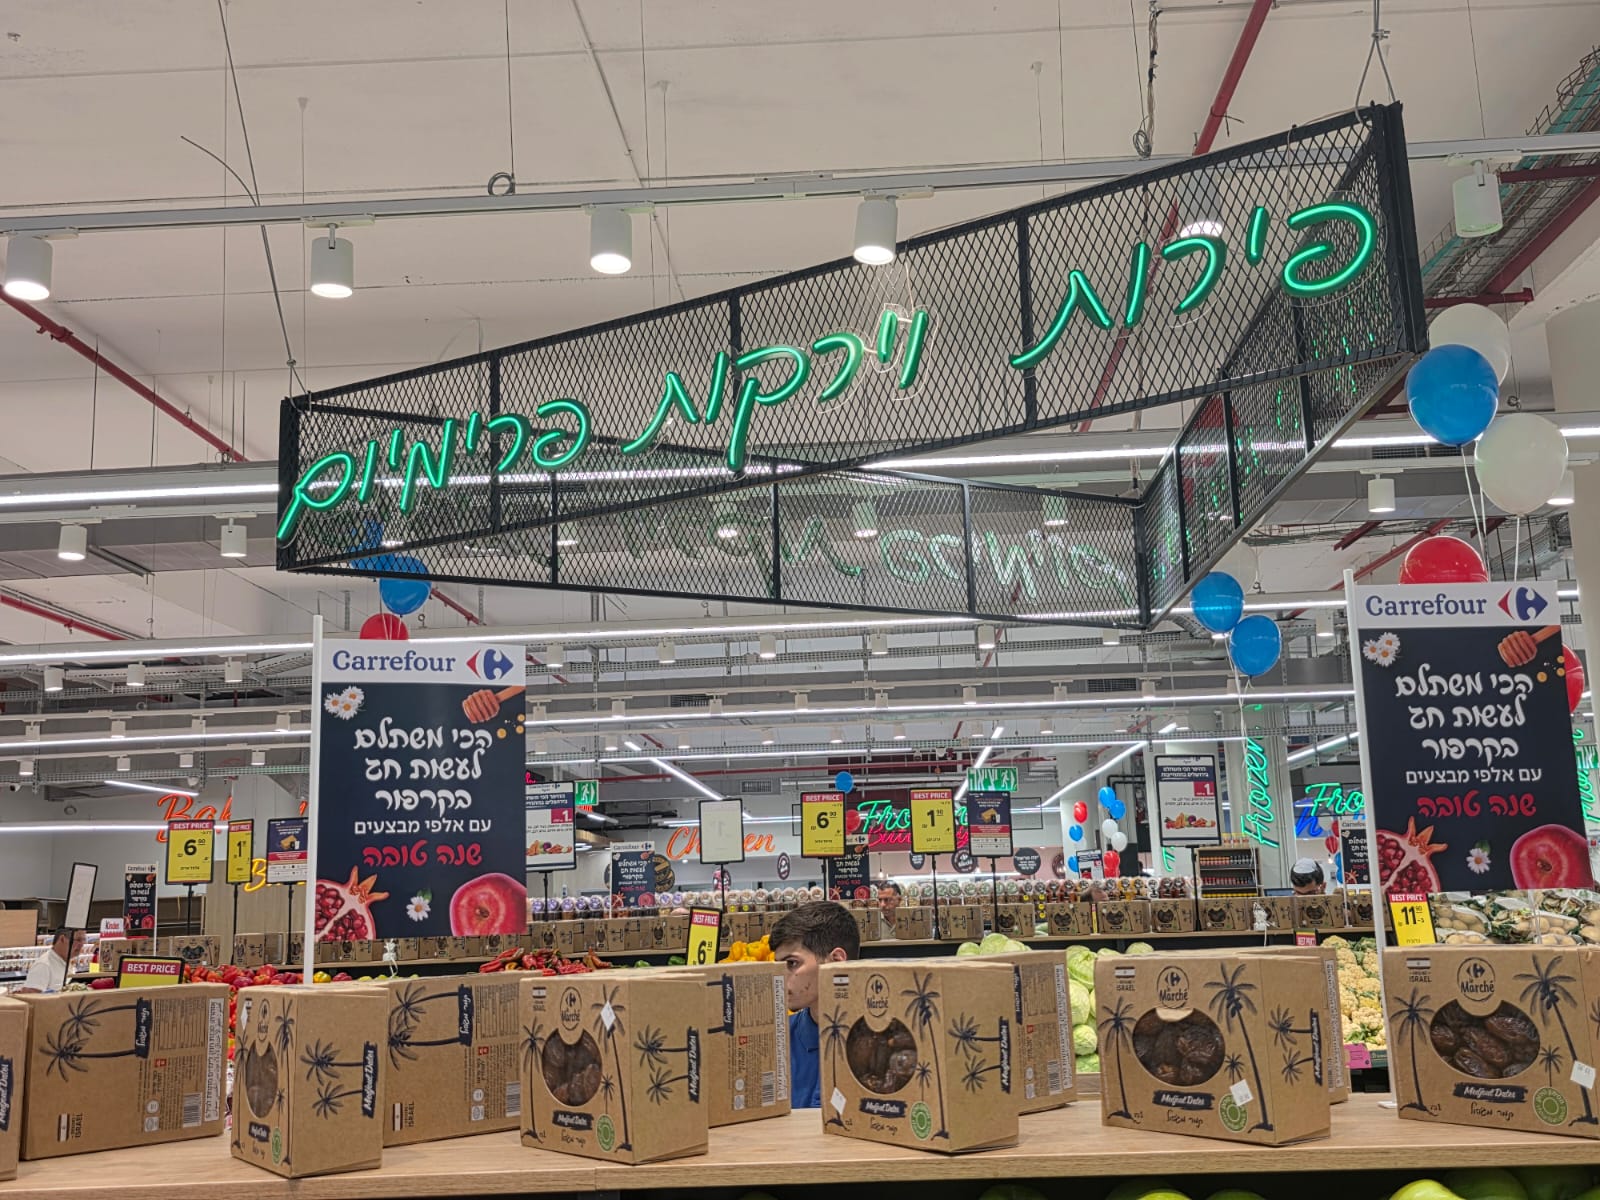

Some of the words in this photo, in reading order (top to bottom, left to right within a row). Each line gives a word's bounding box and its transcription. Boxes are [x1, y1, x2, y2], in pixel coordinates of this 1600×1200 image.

[1010, 199, 1379, 370] פירות
[622, 309, 930, 473] וירקות
[275, 398, 591, 540] פרימיום
[1365, 593, 1487, 616] Carrefour
[332, 650, 457, 672] Carrefour
[1395, 663, 1483, 697] משתלם
[1491, 673, 1533, 695] הכי
[1408, 705, 1445, 730] חג
[1452, 693, 1527, 728] לעשות
[353, 717, 444, 750] משתלם
[452, 729, 493, 749] הכי
[1421, 737, 1519, 766] בקרפור
[365, 757, 402, 781] חג
[409, 748, 485, 780] לעשות
[1473, 767, 1515, 783] אלפי
[1519, 768, 1542, 782] עם
[1405, 770, 1470, 784] מבצעים
[375, 788, 473, 818] בקרפור
[1304, 782, 1367, 817] Fro
[1416, 790, 1481, 817] טובה
[1488, 793, 1537, 817] שנה
[354, 820, 420, 834] מבצעים
[425, 818, 464, 833] אלפי
[469, 820, 492, 832] עם
[817, 811, 830, 829] 6
[927, 809, 935, 827] 1
[184, 838, 198, 856] 6
[362, 840, 429, 867] טובה
[666, 825, 776, 861] Chen
[436, 843, 483, 866] שנה
[1391, 894, 1405, 902] BEST
[693, 913, 706, 924] BEST
[706, 914, 719, 925] PRICE
[1401, 906, 1417, 925] 11
[697, 939, 707, 965] 6
[127, 963, 149, 973] BEST
[150, 963, 176, 973] PRICE
[1408, 975, 1432, 983] ISRAEL
[1159, 989, 1189, 1002] Marché
[1460, 980, 1495, 994] Marché
[1494, 1088, 1517, 1099] Dates
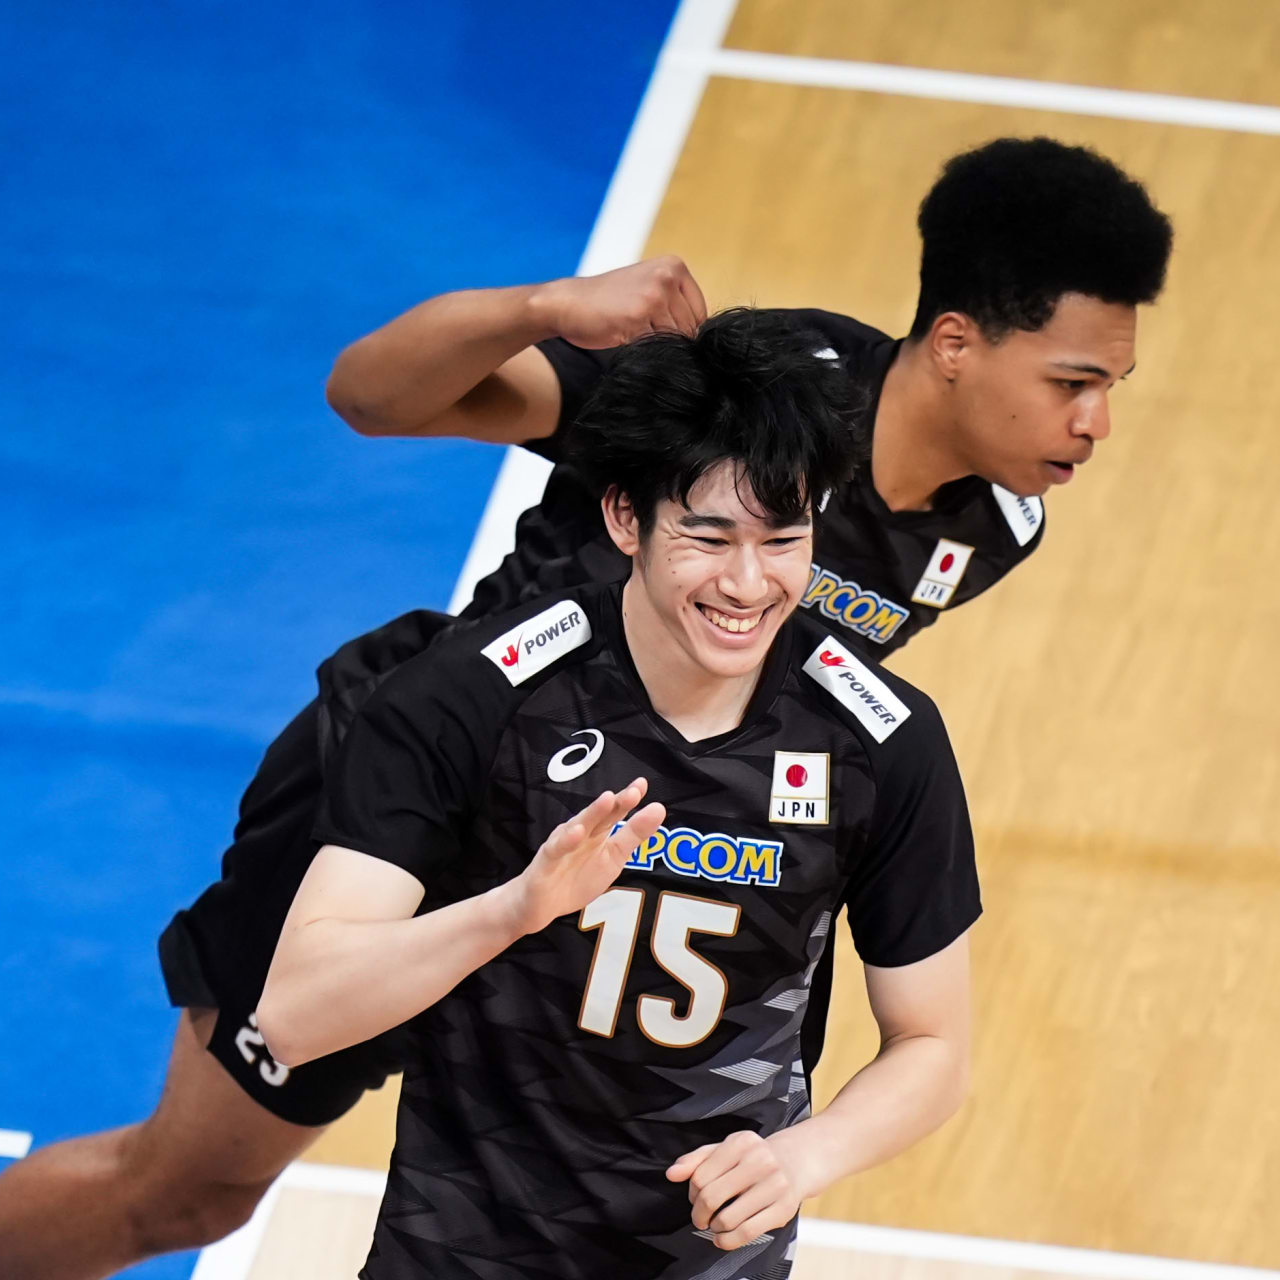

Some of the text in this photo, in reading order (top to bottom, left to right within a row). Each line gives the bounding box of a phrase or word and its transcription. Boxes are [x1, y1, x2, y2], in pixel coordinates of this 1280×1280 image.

---*---

*PROBLEM TO SOLVE*
An exact transcription of the data above is needed, without the pictures.

*SOLUTION FOR THIS TASK*
Some of the words in this photo, in reading order (top to bottom, left to right within a row). Each line gives a word's bounding box and its transcription. Boxes are [x1, y1, x2, y2], in pixel coordinates of this 1600×1200 image.

[1010, 199, 1379, 370] פירות
[622, 309, 930, 473] וירקות
[275, 398, 591, 540] פרימיום
[1365, 593, 1487, 616] Carrefour
[332, 650, 457, 672] Carrefour
[1395, 663, 1483, 697] משתלם
[1491, 673, 1533, 695] הכי
[1408, 705, 1445, 730] חג
[1452, 693, 1527, 728] לעשות
[353, 717, 444, 750] משתלם
[452, 729, 493, 749] הכי
[1421, 737, 1519, 766] בקרפור
[365, 757, 402, 781] חג
[409, 748, 485, 780] לעשות
[1473, 767, 1515, 783] אלפי
[1519, 768, 1542, 782] עם
[1405, 770, 1470, 784] מבצעים
[375, 788, 473, 818] בקרפור
[1304, 782, 1367, 817] Fro
[1416, 790, 1481, 817] טובה
[1488, 793, 1537, 817] שנה
[354, 820, 420, 834] מבצעים
[425, 818, 464, 833] אלפי
[469, 820, 492, 832] עם
[817, 811, 830, 829] 6
[927, 809, 935, 827] 1
[184, 838, 198, 856] 6
[362, 840, 429, 867] טובה
[666, 825, 776, 861] Chen
[436, 843, 483, 866] שנה
[1391, 894, 1405, 902] BEST
[693, 913, 706, 924] BEST
[706, 914, 719, 925] PRICE
[1401, 906, 1417, 925] 11
[697, 939, 707, 965] 6
[127, 963, 149, 973] BEST
[150, 963, 176, 973] PRICE
[1408, 975, 1432, 983] ISRAEL
[1159, 989, 1189, 1002] Marché
[1460, 980, 1495, 994] Marché
[1494, 1088, 1517, 1099] Dates

Some of the text in this photo, in reading order (top to bottom, left to right within a row). Each line gives the bounding box of a phrase or word and its transcription. Boxes are [x1, y1, x2, y2], in pixel coordinates of this 1280×1280 image.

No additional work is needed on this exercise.